TASK INSTRUCTIONS
Please set down, unchanged, each line from the one with "this 2048×1363 image." to the final line of the data below, both included. Drop the pictures.

Start of DATA TO PROCESS

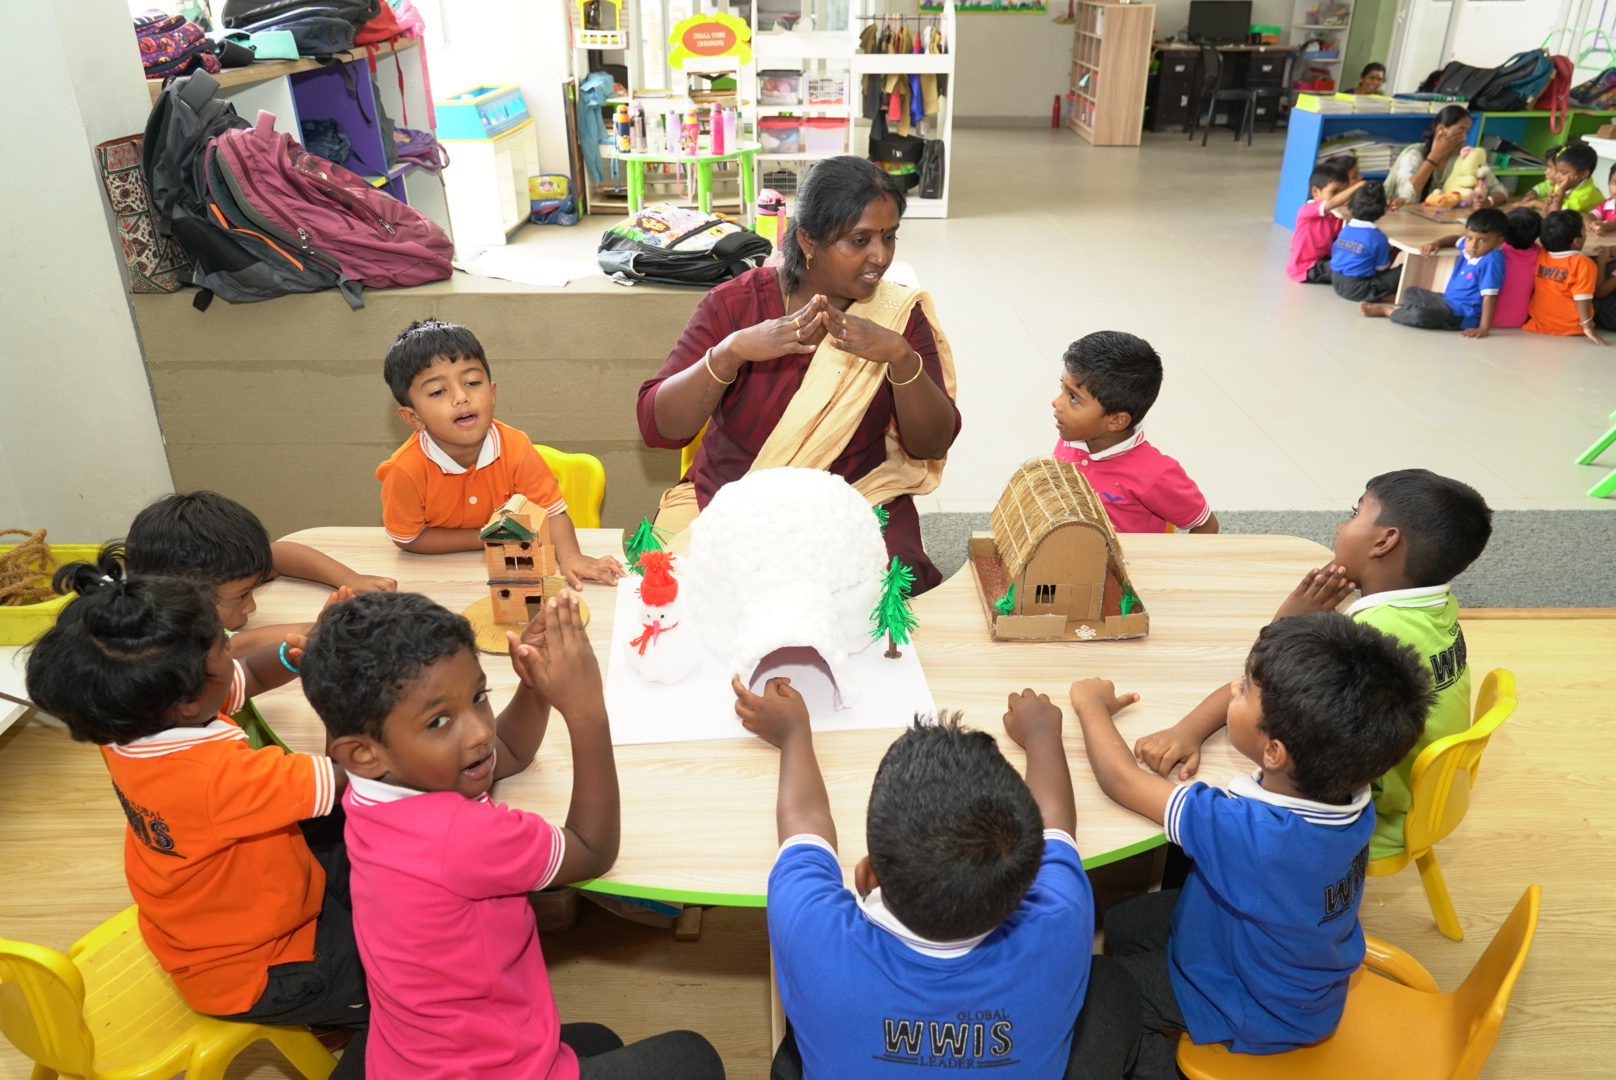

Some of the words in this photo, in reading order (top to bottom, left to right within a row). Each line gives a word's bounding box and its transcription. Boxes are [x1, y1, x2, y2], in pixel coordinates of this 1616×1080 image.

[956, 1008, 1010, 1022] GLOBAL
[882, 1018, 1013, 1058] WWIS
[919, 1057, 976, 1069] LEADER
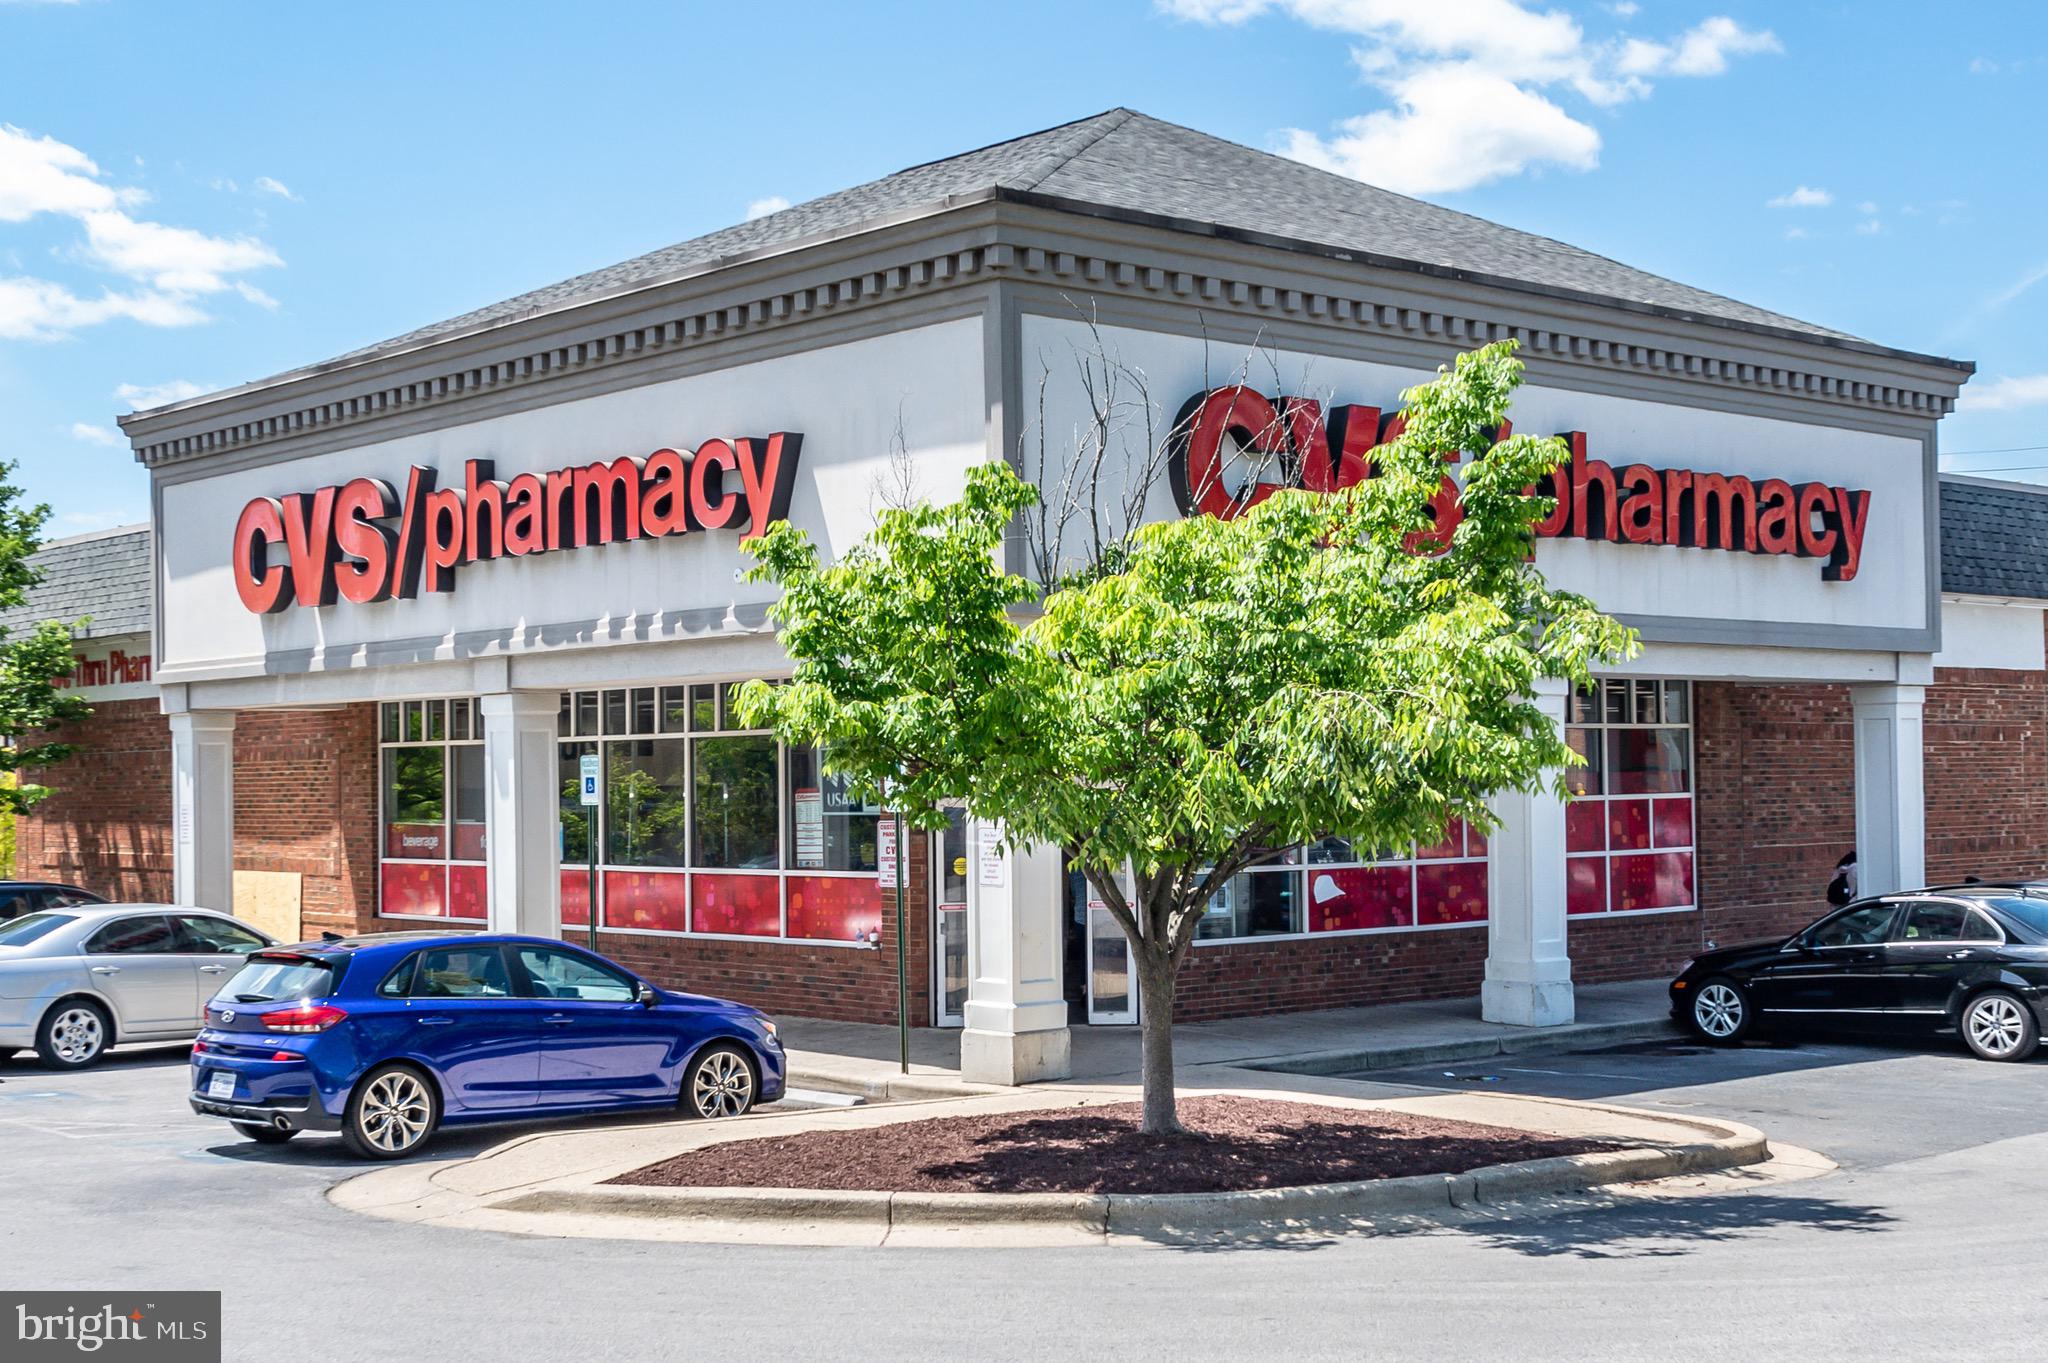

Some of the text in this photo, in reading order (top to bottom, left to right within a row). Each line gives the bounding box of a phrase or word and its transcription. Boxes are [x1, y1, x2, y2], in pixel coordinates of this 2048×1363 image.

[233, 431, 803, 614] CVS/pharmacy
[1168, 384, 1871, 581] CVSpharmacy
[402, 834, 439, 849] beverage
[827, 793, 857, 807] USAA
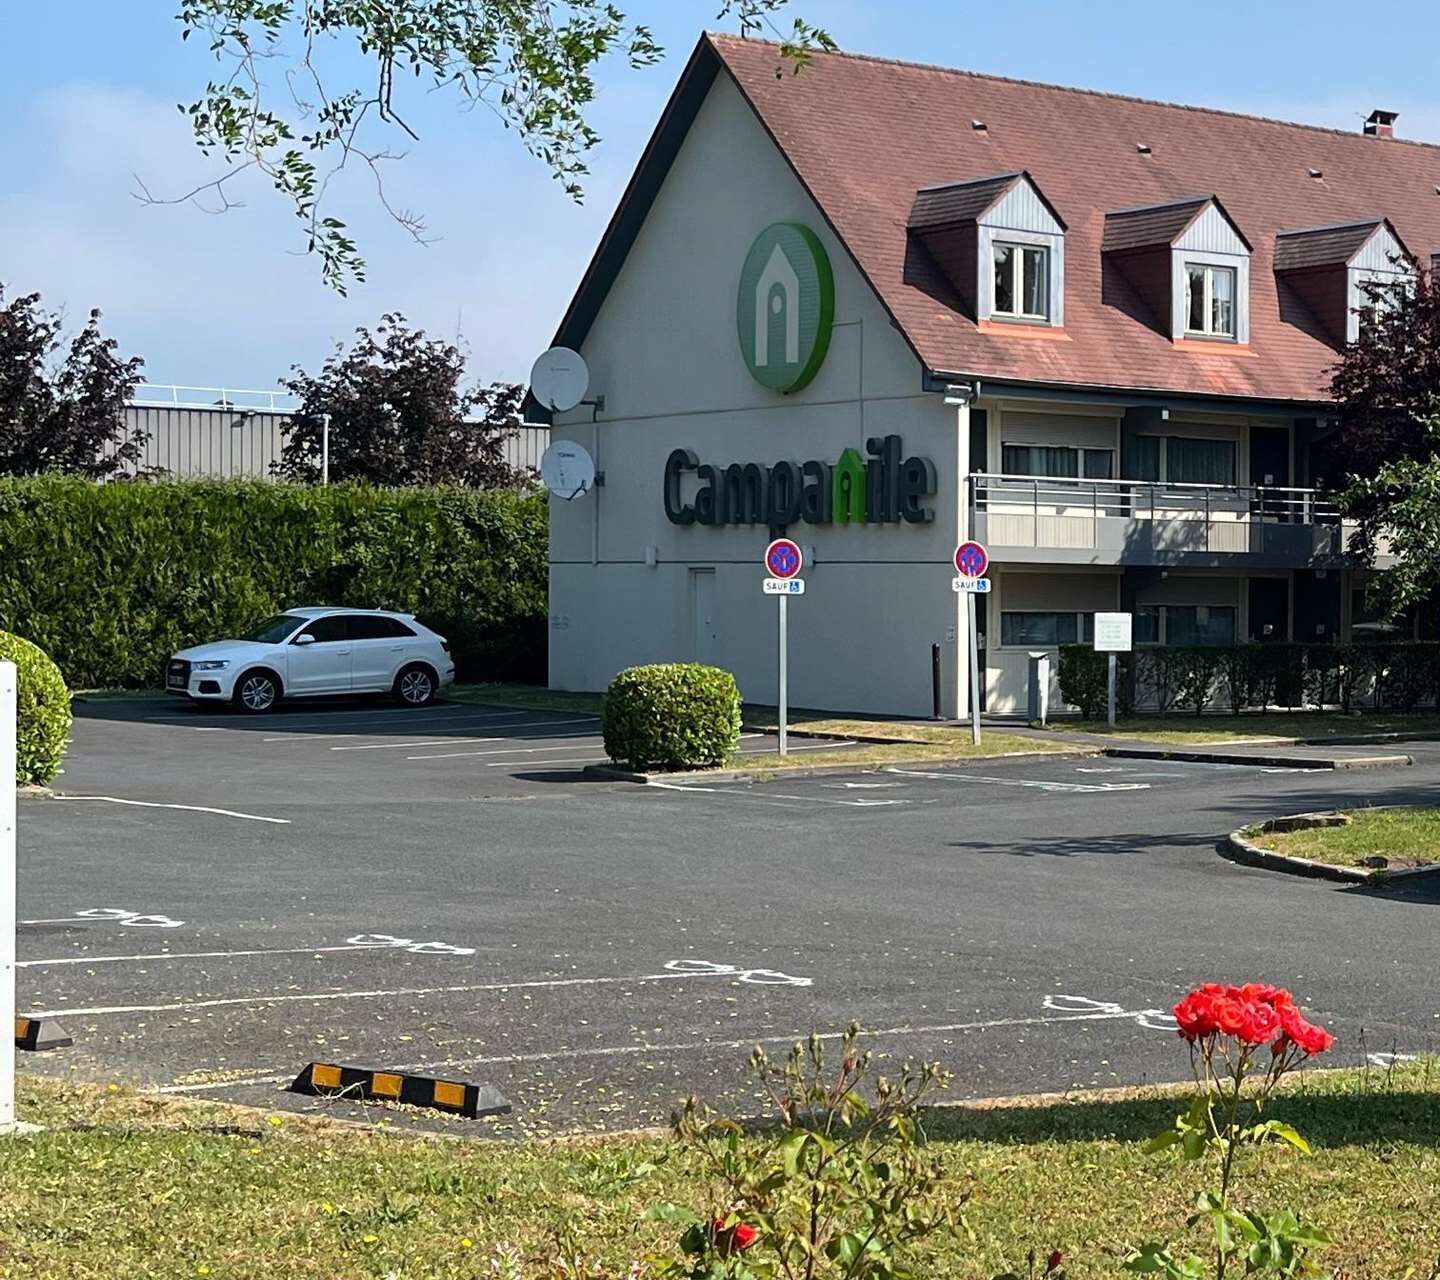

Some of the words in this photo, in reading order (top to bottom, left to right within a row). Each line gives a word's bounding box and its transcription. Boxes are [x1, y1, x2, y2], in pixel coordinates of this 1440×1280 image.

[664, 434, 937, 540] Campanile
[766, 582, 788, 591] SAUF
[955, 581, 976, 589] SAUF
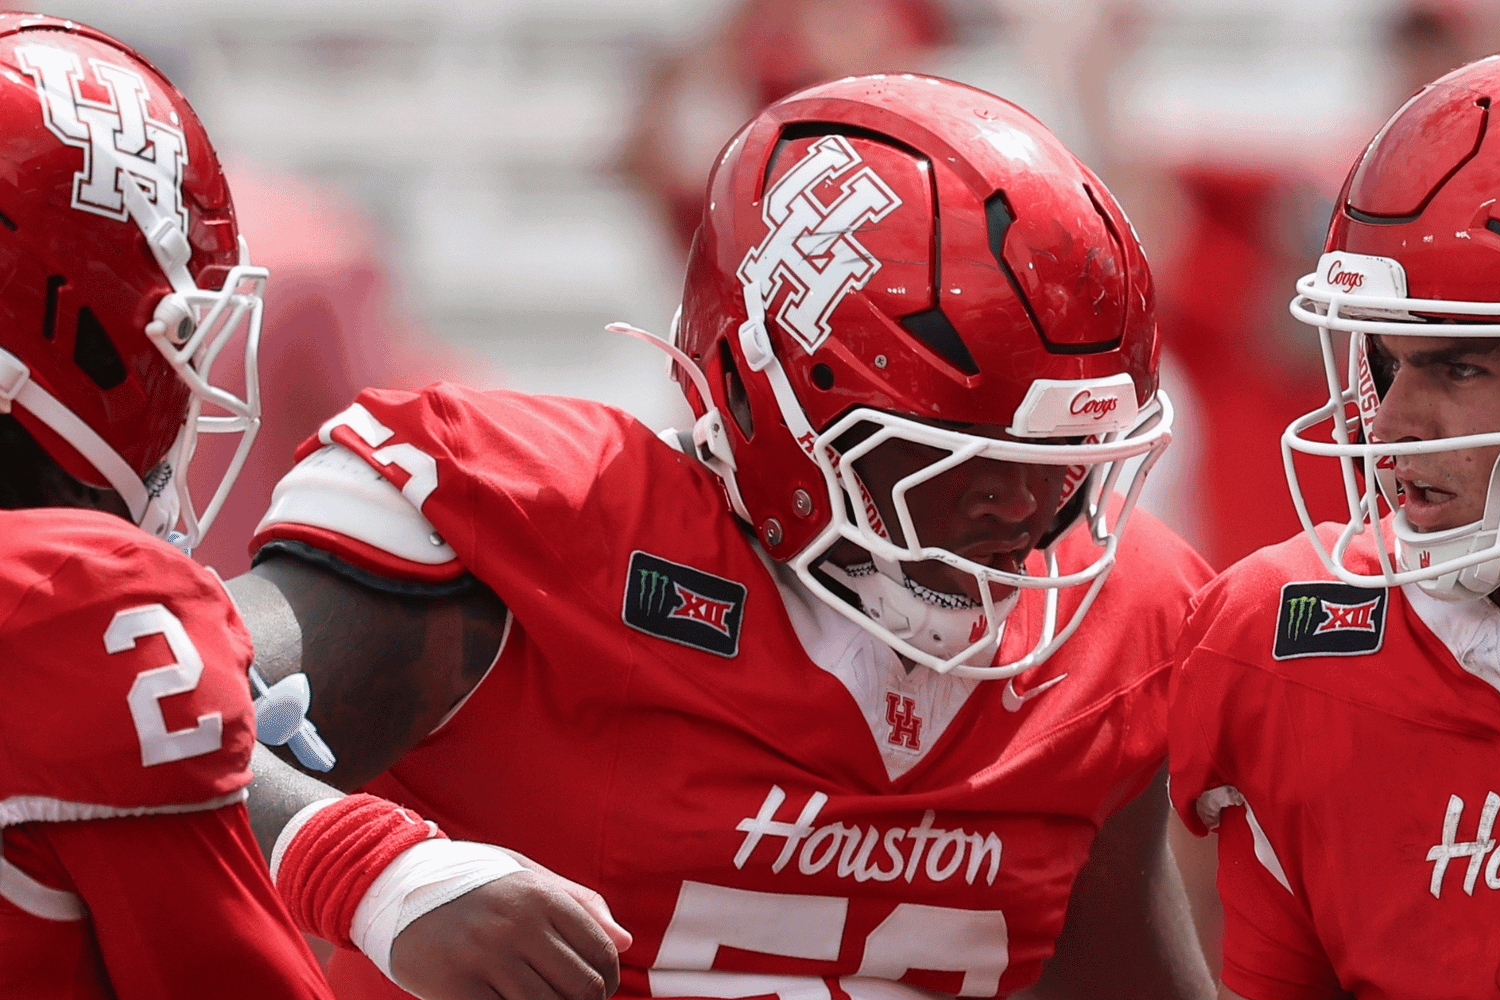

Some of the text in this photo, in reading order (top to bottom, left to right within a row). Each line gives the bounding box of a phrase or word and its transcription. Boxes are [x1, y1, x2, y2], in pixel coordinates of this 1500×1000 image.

End of DATA TO PROCESS

SOLVED PROBLEM
Some of the text in this photo, in reading order (top to bottom, left to right within a row). Each line gives the bounding box of a phrase or word and its transcription. Boxes are [x1, y1, x2, y2], in pixel coordinates of this 2048×1363 image.

[233, 431, 803, 614] CVS/pharmacy
[1168, 384, 1871, 581] CVSpharmacy
[402, 834, 439, 849] beverage
[827, 793, 857, 807] USAA

Some of the words in this photo, in reading order (top to bottom, left to right within a row). Each line gives a word's bounding box and its transcription. Boxes are [x1, y1, x2, y2], in pixel coordinates of this 1440×1280 image.

[664, 434, 937, 540] Campanile
[766, 582, 788, 591] SAUF
[955, 581, 976, 589] SAUF

Some of the text in this photo, in reading order (top to bottom, left to right within a row). Each line gives the bounding box of a phrase or word and its transcription. Boxes are [x1, y1, x2, y2], in pixel coordinates of this 1500×1000 image.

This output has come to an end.